Requirement
Please copy the records exactly as they appear, with all pictures left out.

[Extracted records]
——————————

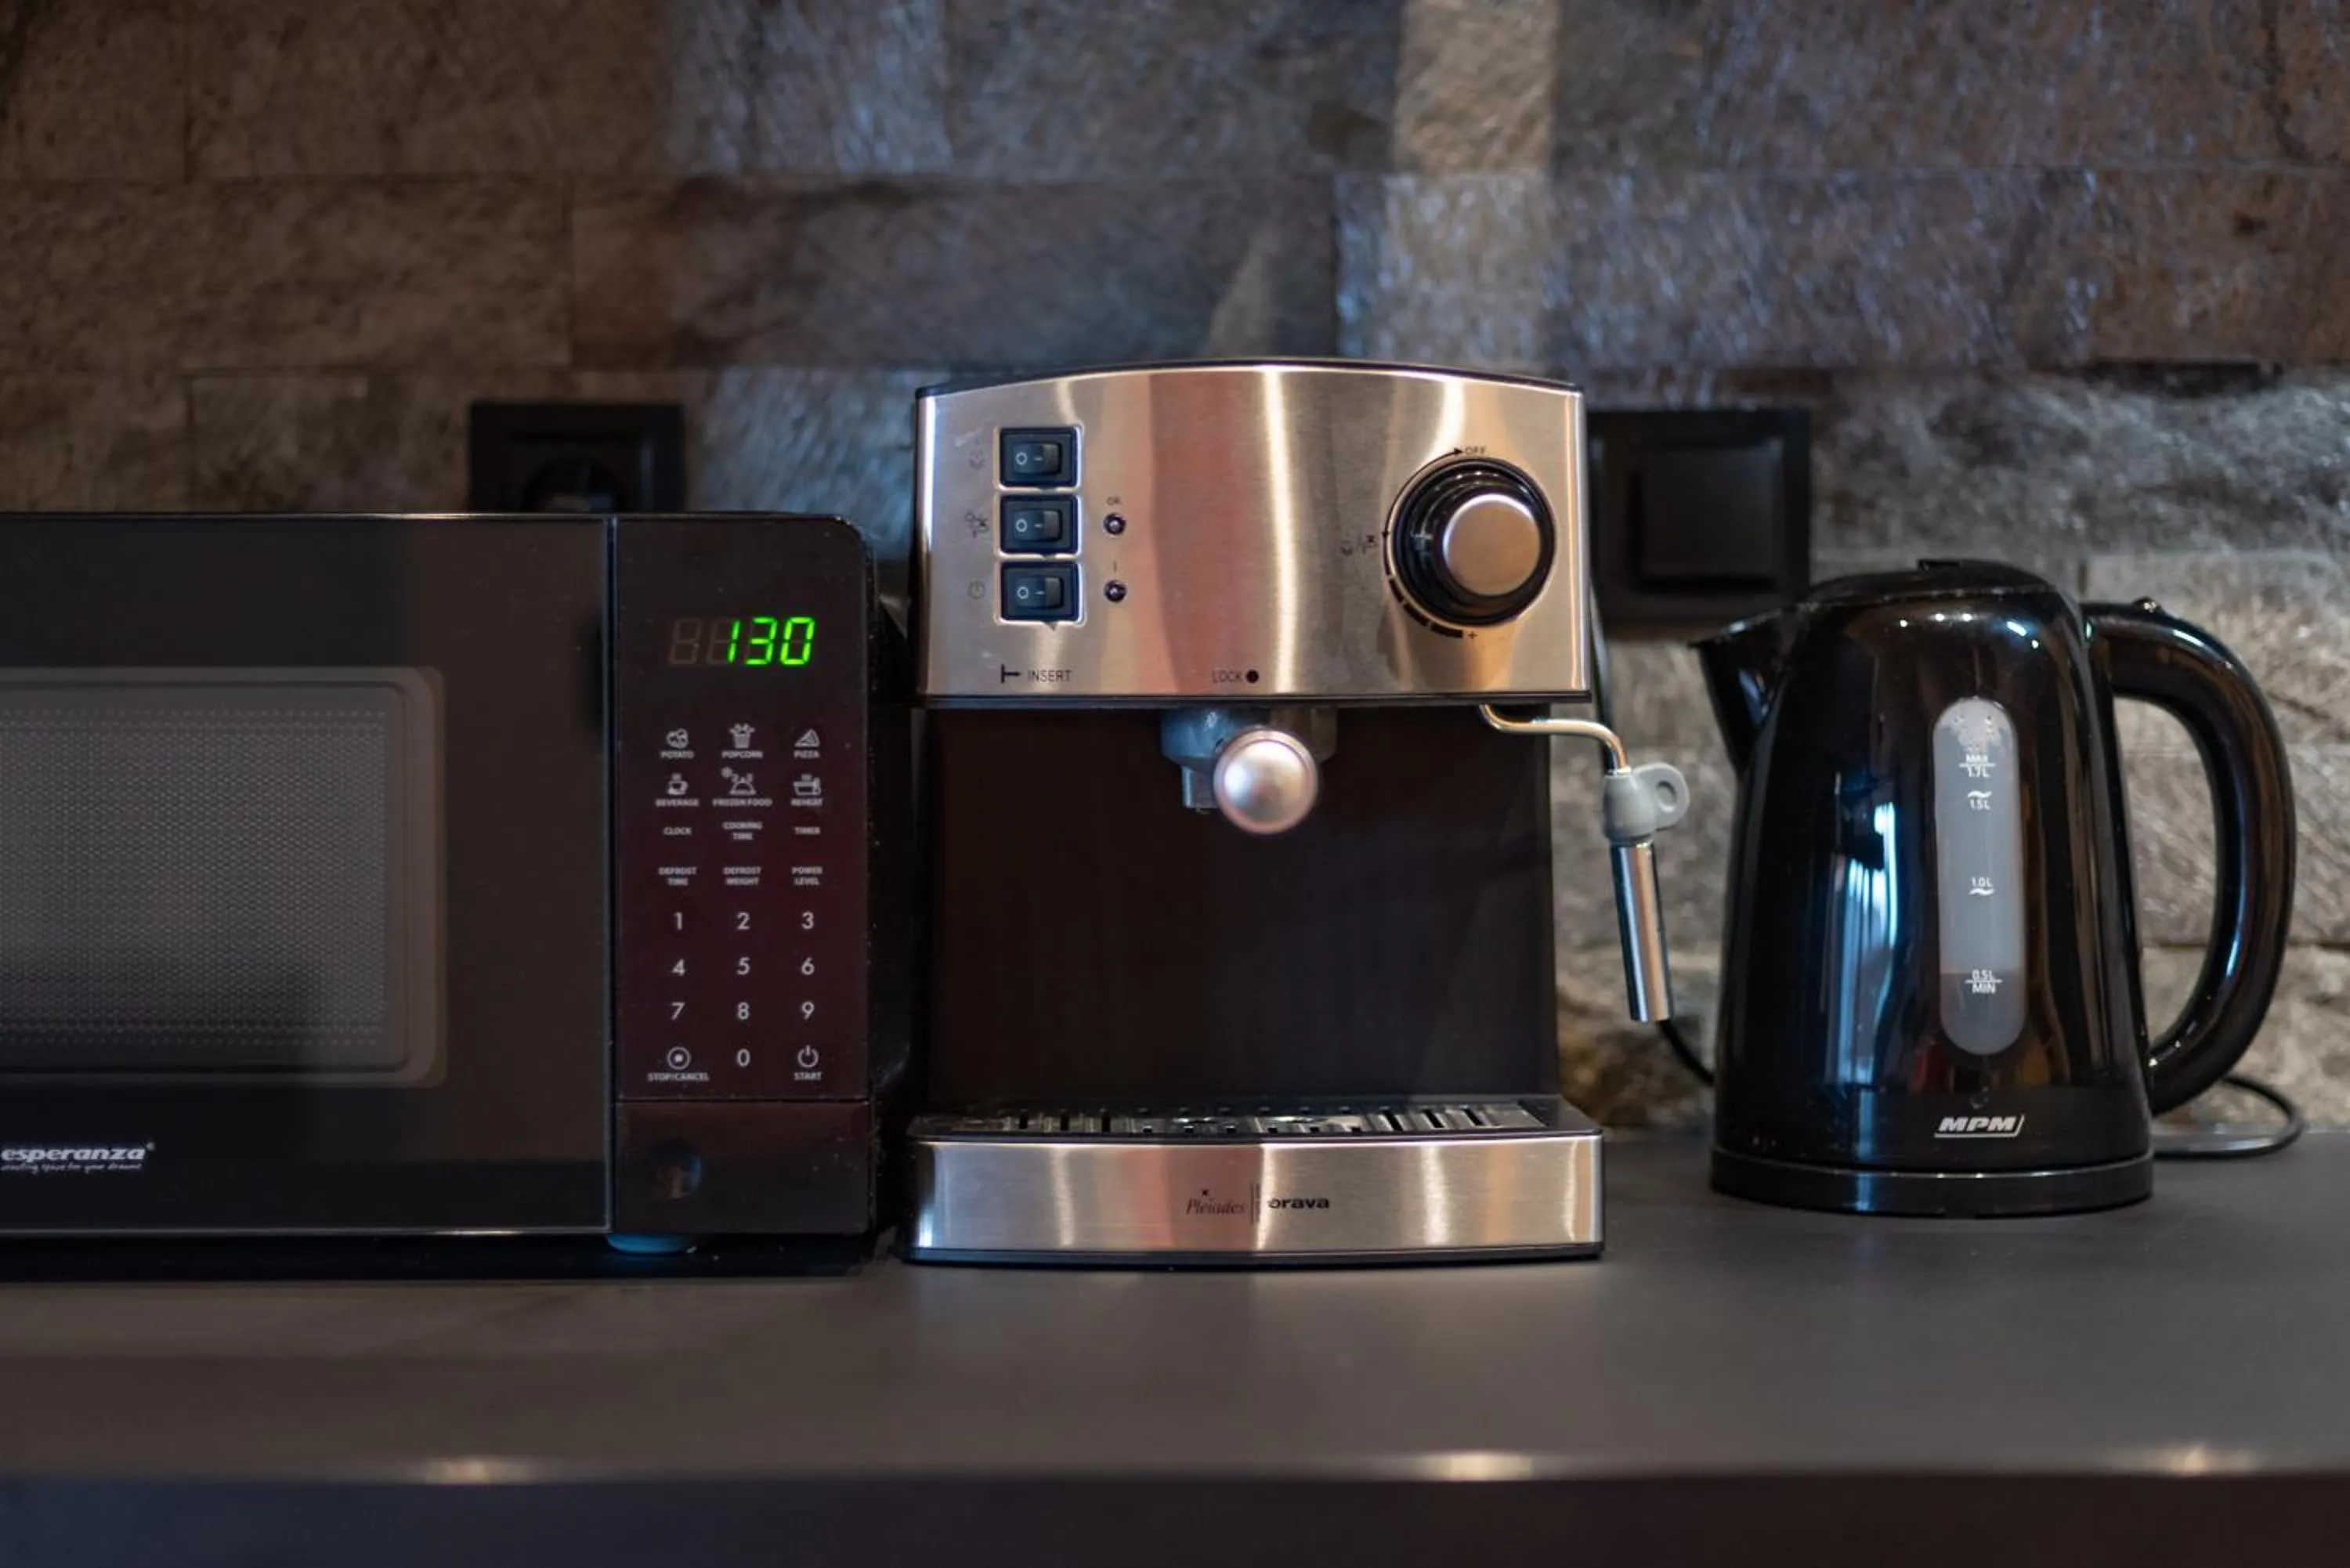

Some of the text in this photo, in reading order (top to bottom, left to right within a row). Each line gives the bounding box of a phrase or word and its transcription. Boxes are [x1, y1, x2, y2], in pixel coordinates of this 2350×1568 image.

[727, 616, 815, 666] 130
[1028, 670, 1072, 682] INSERT
[1212, 670, 1243, 683] LOCK
[660, 750, 695, 760] POTATO
[721, 750, 764, 759] POPCORN
[793, 750, 821, 759] PIZZA
[1965, 753, 1988, 763] MAX
[655, 798, 700, 807] BEVERAGE
[712, 797, 773, 807] FROZEN FOOD
[790, 797, 823, 807] REHEAT
[663, 826, 692, 836] CLOCK
[721, 821, 763, 830] COOKING
[794, 826, 821, 835] TIMER
[732, 832, 754, 840] TIME
[658, 865, 698, 876] DEFROST
[722, 865, 762, 876] DEFROST
[791, 865, 823, 875] POWER
[667, 877, 689, 887] TIME
[725, 876, 760, 886] WEIGHT
[794, 876, 820, 886] LEVEL
[674, 912, 683, 930] 1
[736, 911, 750, 930] 2
[801, 910, 815, 930] 3
[671, 959, 686, 977] 4
[736, 956, 750, 976] 5
[801, 956, 815, 976] 6
[1972, 983, 1996, 994] MIN
[671, 1001, 685, 1021] 7
[736, 1002, 750, 1021] 8
[801, 1000, 815, 1020] 9
[736, 1048, 751, 1068] 0
[647, 1071, 710, 1082] STOP/CANCEL
[794, 1071, 822, 1081] START
[1938, 1116, 2017, 1132] MPM
[1, 1148, 146, 1164] esperanza
[1186, 1198, 1246, 1215] Pleiades
[1268, 1198, 1329, 1209] orava

——————————

Exercise response
Some of the text in this photo, in reading order (top to bottom, left to right within a row). Each line gives the bounding box of a phrase or word and its transcription. Boxes are [x1, y1, x2, y2], in pixel coordinates of this 2350×1568 image.

[727, 616, 815, 666] 130
[1028, 670, 1072, 682] INSERT
[1212, 670, 1243, 683] LOCK
[660, 750, 695, 760] POTATO
[721, 750, 764, 759] POPCORN
[793, 750, 821, 759] PIZZA
[1965, 753, 1988, 763] MAX
[655, 798, 700, 807] BEVERAGE
[712, 797, 773, 807] FROZEN FOOD
[790, 797, 823, 807] REHEAT
[663, 826, 692, 836] CLOCK
[721, 821, 763, 830] COOKING
[794, 826, 821, 835] TIMER
[732, 832, 754, 840] TIME
[658, 865, 698, 876] DEFROST
[722, 865, 762, 876] DEFROST
[791, 865, 823, 875] POWER
[667, 877, 689, 887] TIME
[725, 876, 760, 886] WEIGHT
[794, 876, 820, 886] LEVEL
[674, 912, 683, 930] 1
[736, 911, 750, 930] 2
[801, 910, 815, 930] 3
[671, 959, 686, 977] 4
[736, 956, 750, 976] 5
[801, 956, 815, 976] 6
[1972, 983, 1996, 994] MIN
[671, 1001, 685, 1021] 7
[736, 1002, 750, 1021] 8
[801, 1000, 815, 1020] 9
[736, 1048, 751, 1068] 0
[647, 1071, 710, 1082] STOP/CANCEL
[794, 1071, 822, 1081] START
[1938, 1116, 2017, 1132] MPM
[1, 1148, 146, 1164] esperanza
[1186, 1198, 1246, 1215] Pleiades
[1268, 1198, 1329, 1209] orava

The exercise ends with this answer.